Under some conditions, for example, microglia will start removing synapses between neurons. While this is a normal part of brain development in a person’s childhood and adolescent years, it can have disastrous effects in the adult brain. 

Over the past five years or so, many studies have observed and profiled these varying microglial states but haven’t been able to characterize the genetics behind them. 

Kampmann and his team wanted to identify exactly which genes are involved in specific states of microglial activity, and how each of those states are regulated. With that knowledge, they could then flip genes on and off, setting wayward cells back on the right track. 

From Advanced Genomics to a Holy Grail

Accomplishing that task required surmount fundamental obstacles that have prevented researchers from controlling gene expression in these cells. For example, microglia are very resistant to the most common CRISPR technique, which involves getting the desired genetic material into the cell by using a virus to deliver it.

To overcome this, Kampmann’s team coaxed stem cells donated by human volunteers to become microglia and confirmed that these cells function like their ordinary human counterparts. The team then developed a new platform that combines a form of CRISPR, which enables researchers to turn individual genes on and off—and which Kampmann had a significant hand in developing—with readouts of data that indicate functions and states of individual microglia cells.  

This shows the outline of two heads
The research focuses on microglia, cells that stabilize the brain by clearing out damaged neurons and the protein plaques often associated with dementia and other brain diseases. Image is in the public domain

Through this analysis, Kampmann and his team pinpointed genes that effect the cell’s ability to survive and proliferate, how actively a cell produces inflammatory substances, and how aggressively a cell prunes synapses. 

And because the scientists had determined which genes control those activities, they were able to reset the genes and flip the diseased cell to a healthy state.

Armed with this new technique, Kampmann plans to investigate how to control the relevant states of microglia, by targeting the cells with existing pharmaceutical molecules and testing them in preclinical models. He hopes to find specific molecules that act on the genes necessary to nudge diseased cells back to a healthy state. 

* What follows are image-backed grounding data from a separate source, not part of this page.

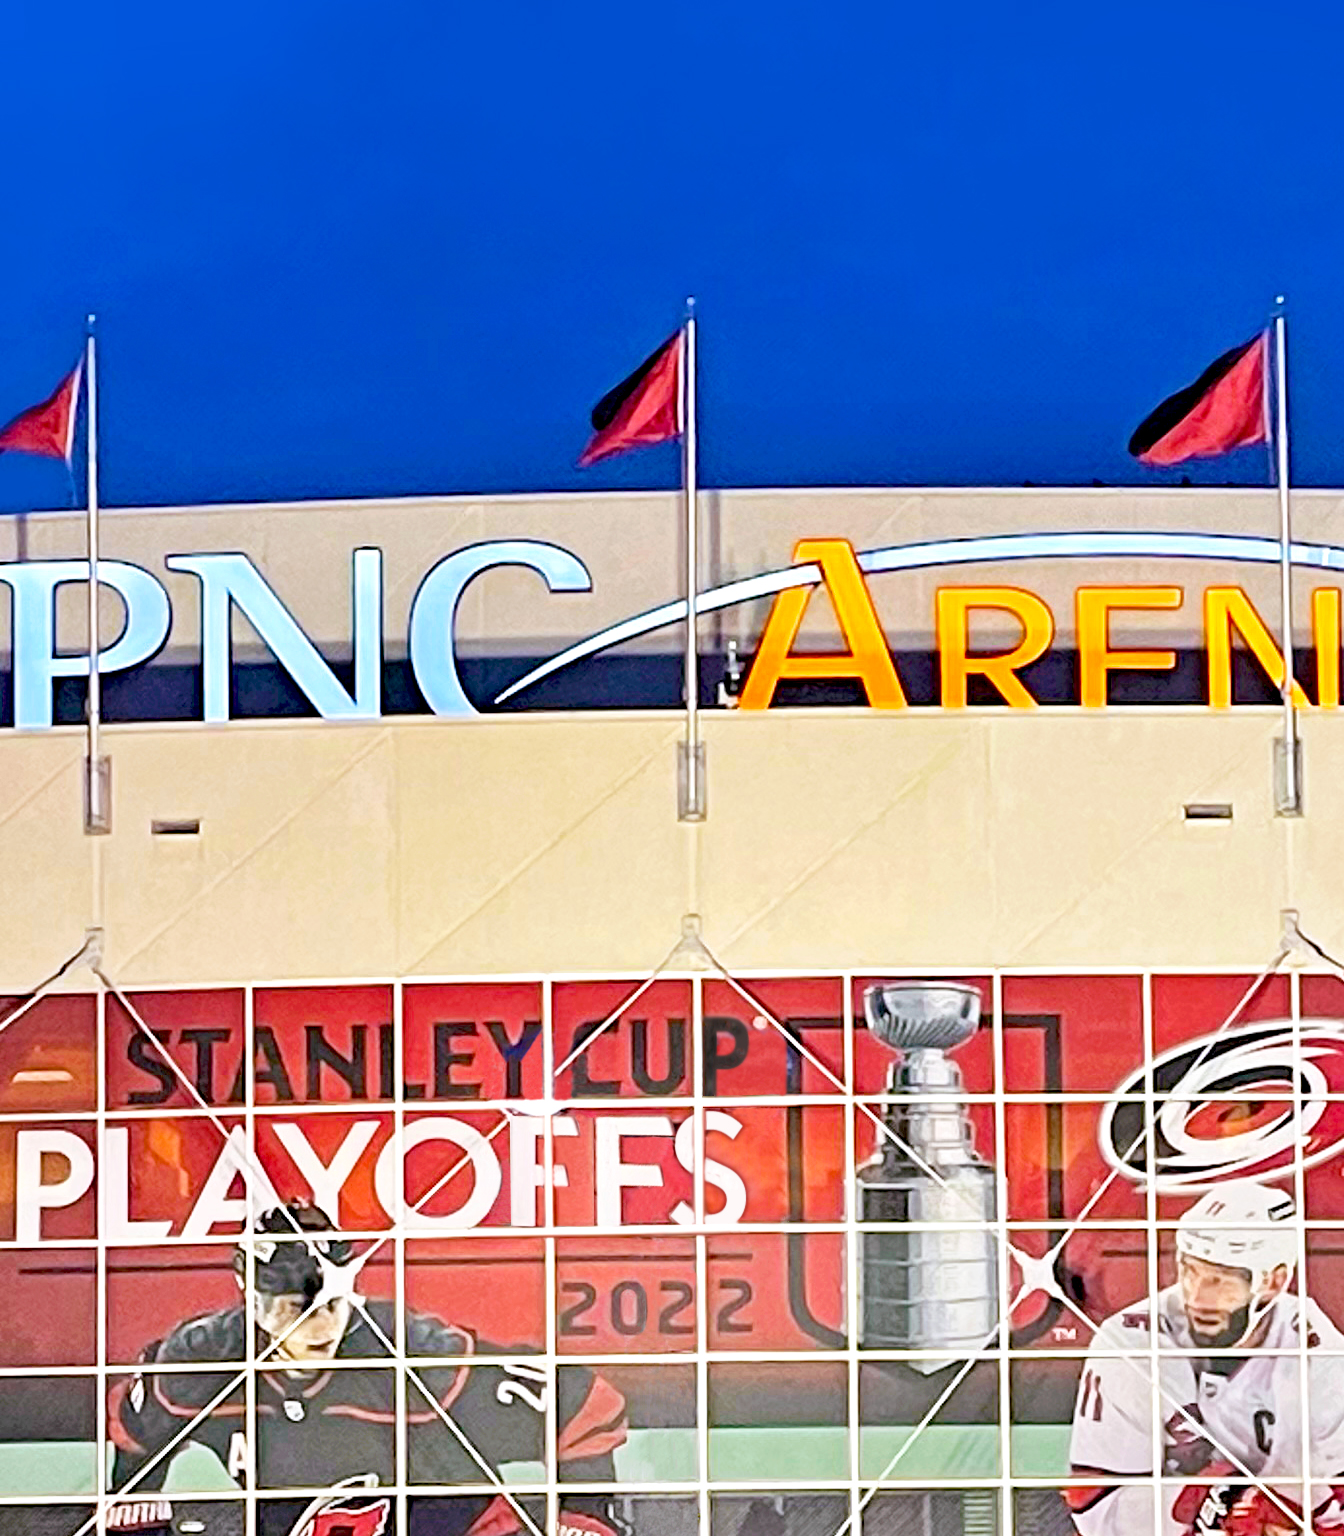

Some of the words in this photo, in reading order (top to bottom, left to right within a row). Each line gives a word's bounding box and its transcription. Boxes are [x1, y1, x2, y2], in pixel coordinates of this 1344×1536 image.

[126, 1018, 544, 1105] STANLEY
[570, 1015, 750, 1098] CUP
[15, 1108, 748, 1242] PLAYOFFS
[559, 1277, 754, 1337] 2022
[1253, 1408, 1276, 1456] C

Kampmann said that once the right genes are flipped, it’s likely that the “repaired,” microglia will resume their responsibilities, removing plaques associated with neurodegenerative disease and protecting synapses rather than taking them apart.

“Our study provides a blueprint for a new approach to treatment,” he said. “It’s a bit of a holy grail.” 

Funding: This work was funded in part by NIH grants DP2 GM119139, U01 MH115747, U54 NS100717, R01 AG051390, F30 AG066418, F30 AG062043, and ZO1 AG000534-02. For other funding, please see the study

Authors: Other authors include: Nina Dräger, Sydney Sattler, Olivia M. Teter, Kun Leng, Jason Hong, Giovanni Aviles, Claire D. Clelland, Lay Kodama, and Li Gan of UCSF. For other authors, please see the study.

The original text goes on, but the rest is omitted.